Dataset excerpts: Begin

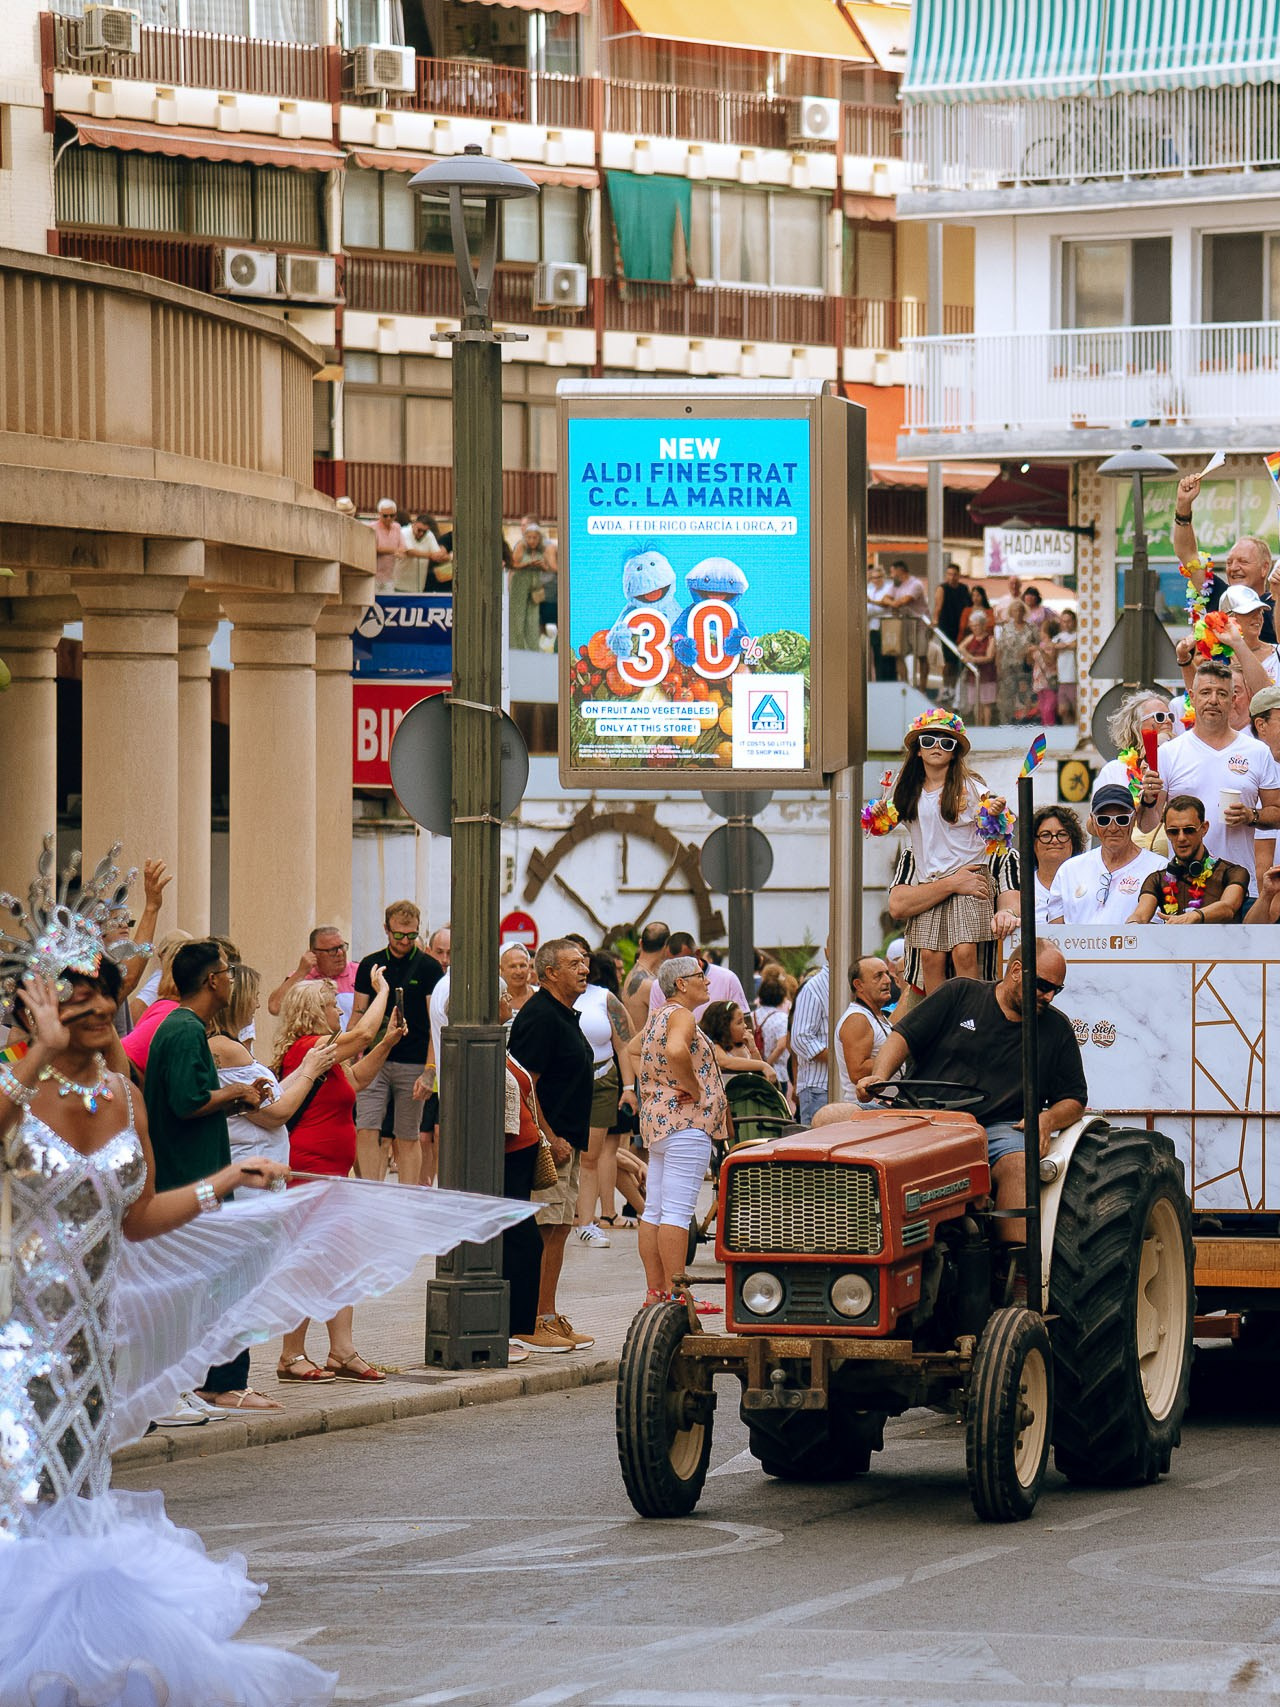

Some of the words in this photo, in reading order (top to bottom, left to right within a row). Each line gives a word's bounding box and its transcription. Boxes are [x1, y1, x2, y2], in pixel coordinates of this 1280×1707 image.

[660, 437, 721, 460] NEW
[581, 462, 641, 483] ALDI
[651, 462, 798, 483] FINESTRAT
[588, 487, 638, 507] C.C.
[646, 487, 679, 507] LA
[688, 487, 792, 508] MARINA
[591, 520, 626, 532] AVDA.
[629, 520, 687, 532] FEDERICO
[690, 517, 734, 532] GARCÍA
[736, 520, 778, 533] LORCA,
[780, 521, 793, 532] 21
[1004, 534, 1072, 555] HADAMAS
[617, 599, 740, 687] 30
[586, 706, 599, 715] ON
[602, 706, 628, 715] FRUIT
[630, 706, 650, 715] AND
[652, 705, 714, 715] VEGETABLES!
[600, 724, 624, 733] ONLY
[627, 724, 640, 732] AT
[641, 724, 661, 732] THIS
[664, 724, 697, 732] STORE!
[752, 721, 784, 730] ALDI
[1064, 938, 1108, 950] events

Dataset excerpts: End

#### Requirement:
Write out the records above exactly. Pictures do not belong in the copy.

#### Solution to this task:
Some of the words in this photo, in reading order (top to bottom, left to right within a row). Each line gives a word's bounding box and its transcription. Boxes are [x1, y1, x2, y2], in pixel coordinates of this 1280×1707 image.

[660, 437, 721, 460] NEW
[581, 462, 641, 483] ALDI
[651, 462, 798, 483] FINESTRAT
[588, 487, 638, 507] C.C.
[646, 487, 679, 507] LA
[688, 487, 792, 508] MARINA
[591, 520, 626, 532] AVDA.
[629, 520, 687, 532] FEDERICO
[690, 517, 734, 532] GARCÍA
[736, 520, 778, 533] LORCA,
[780, 521, 793, 532] 21
[1004, 534, 1072, 555] HADAMAS
[617, 599, 740, 687] 30
[586, 706, 599, 715] ON
[602, 706, 628, 715] FRUIT
[630, 706, 650, 715] AND
[652, 705, 714, 715] VEGETABLES!
[600, 724, 624, 733] ONLY
[627, 724, 640, 732] AT
[641, 724, 661, 732] THIS
[664, 724, 697, 732] STORE!
[752, 721, 784, 730] ALDI
[1064, 938, 1108, 950] events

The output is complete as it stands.